Carlos Luis Chandía Alarcón (born 14 November 1964) is a Chilean politician and former international football referee, elected as deputy in November 2025.

He served as Mayor of Coihueco from 2012 to 2024, following a career as one of Chile's most prominent FIFA-listed referees.

== Professional refereeing career ==
Chandía became a professional referee in 2001 and quickly rose to international prominence.
He officiated major matches in the Copa Libertadores, including the finals in 2004, 2008, and 2009, as well as the 2004 Copa Sudamericana final.
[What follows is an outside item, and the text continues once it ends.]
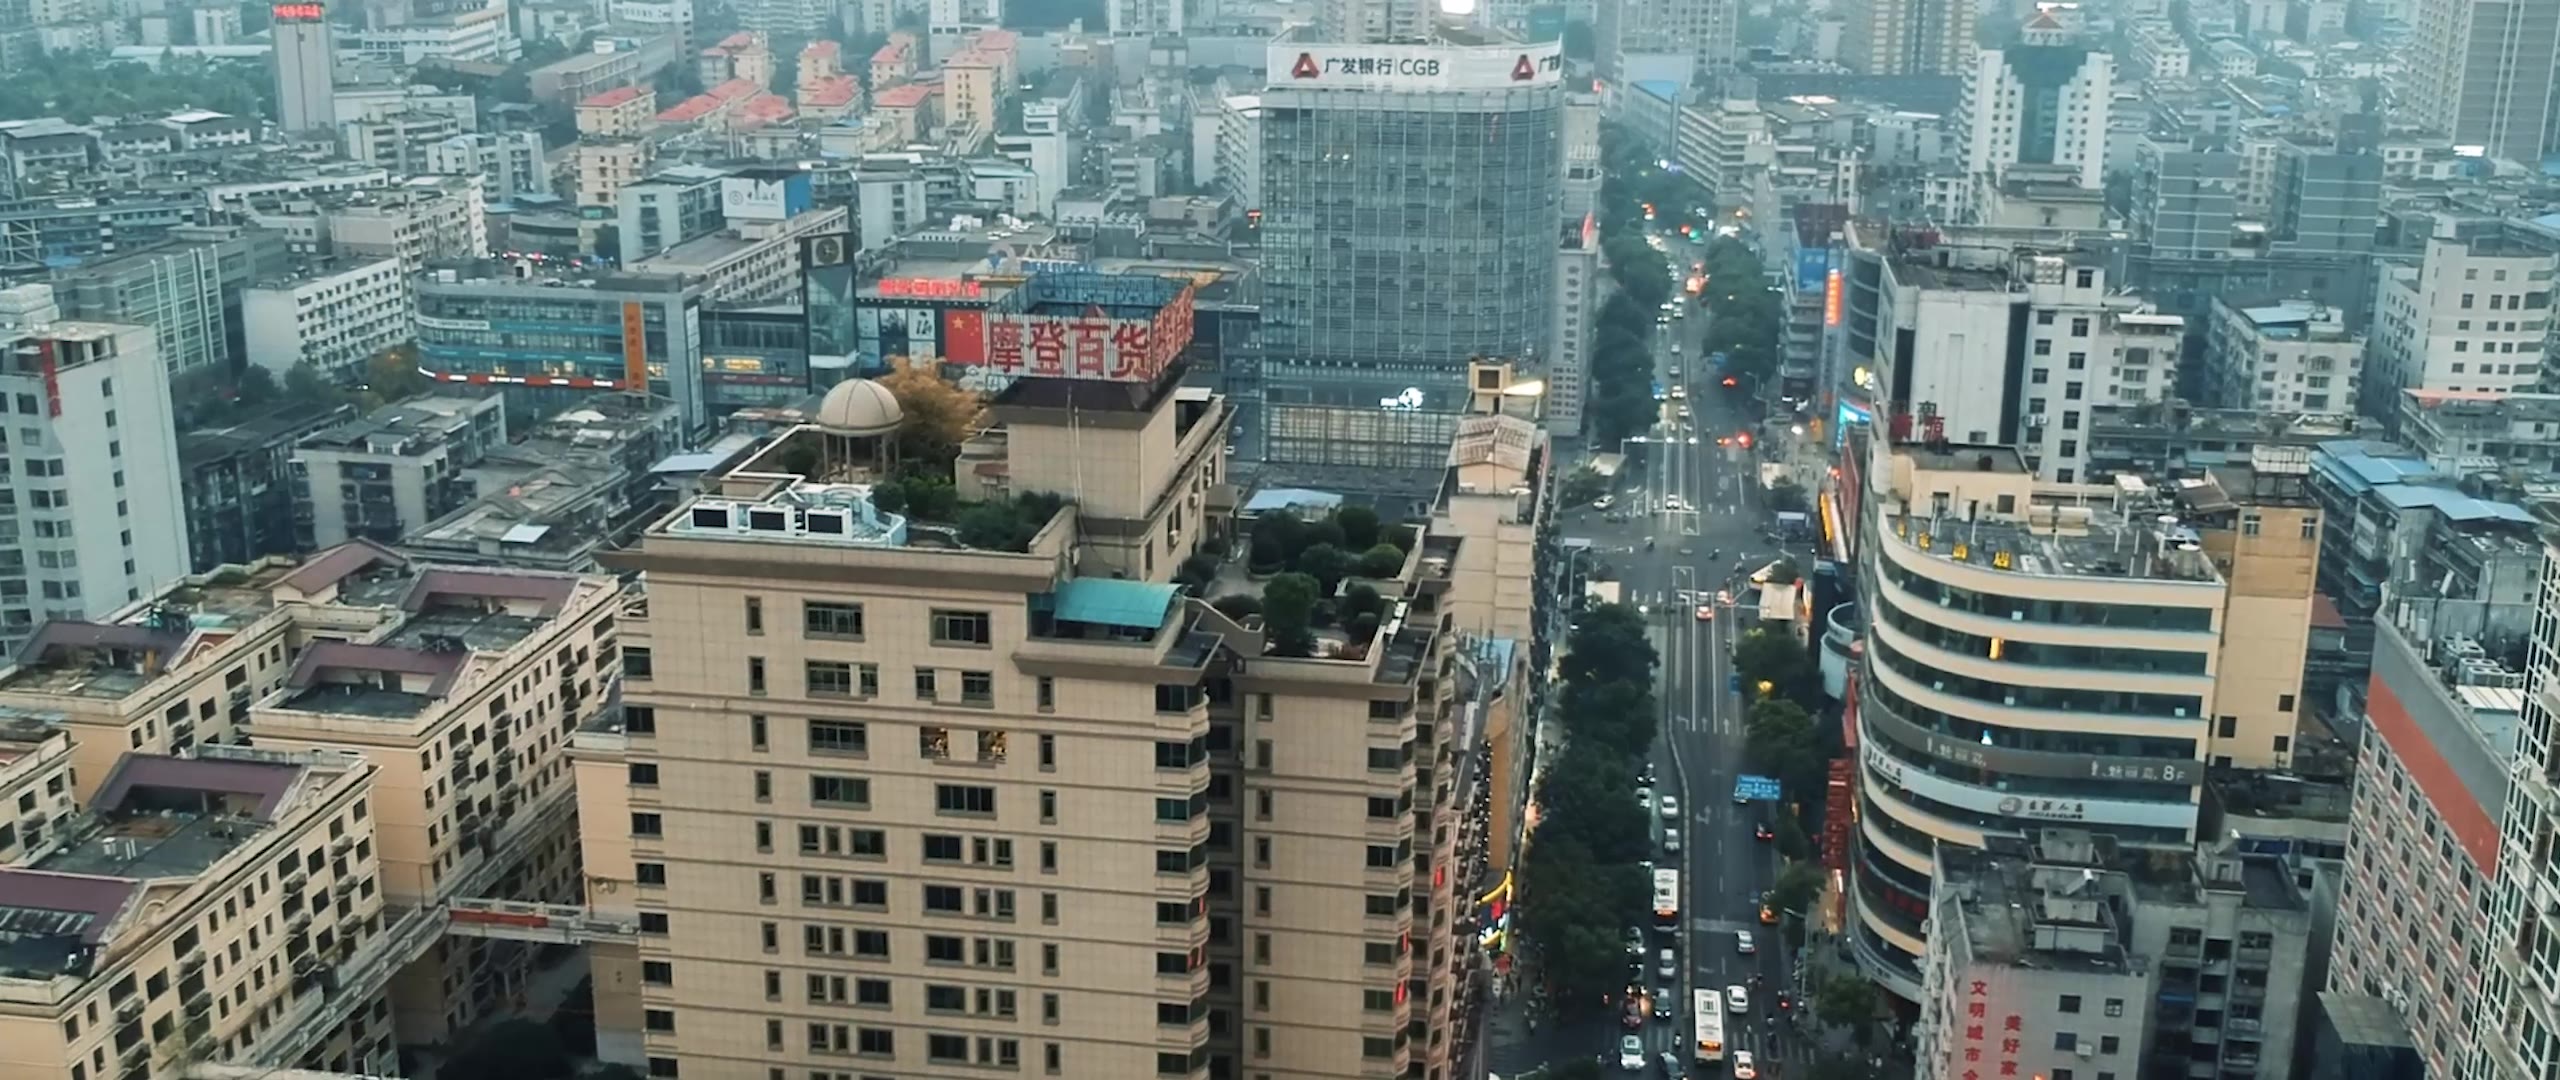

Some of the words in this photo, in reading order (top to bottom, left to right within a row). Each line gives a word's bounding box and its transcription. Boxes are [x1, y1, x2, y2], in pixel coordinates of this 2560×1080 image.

[1324, 58, 1393, 76] 广发银行
[1400, 58, 1440, 76] CGB
[990, 319, 1151, 383] 摩登百货
He also took part in the 2005 Confederations Cup, the 2005 FIFA Club World Cup, and served in support roles during the 2006 FIFA World Cup.

After years of recognition—including being ranked among the top 30 referees worldwide by the IFFHS—he retired from refereeing on 5 December 2009 following the first leg of the Chilean Clausura final between Colo-Colo and Universidad Católica.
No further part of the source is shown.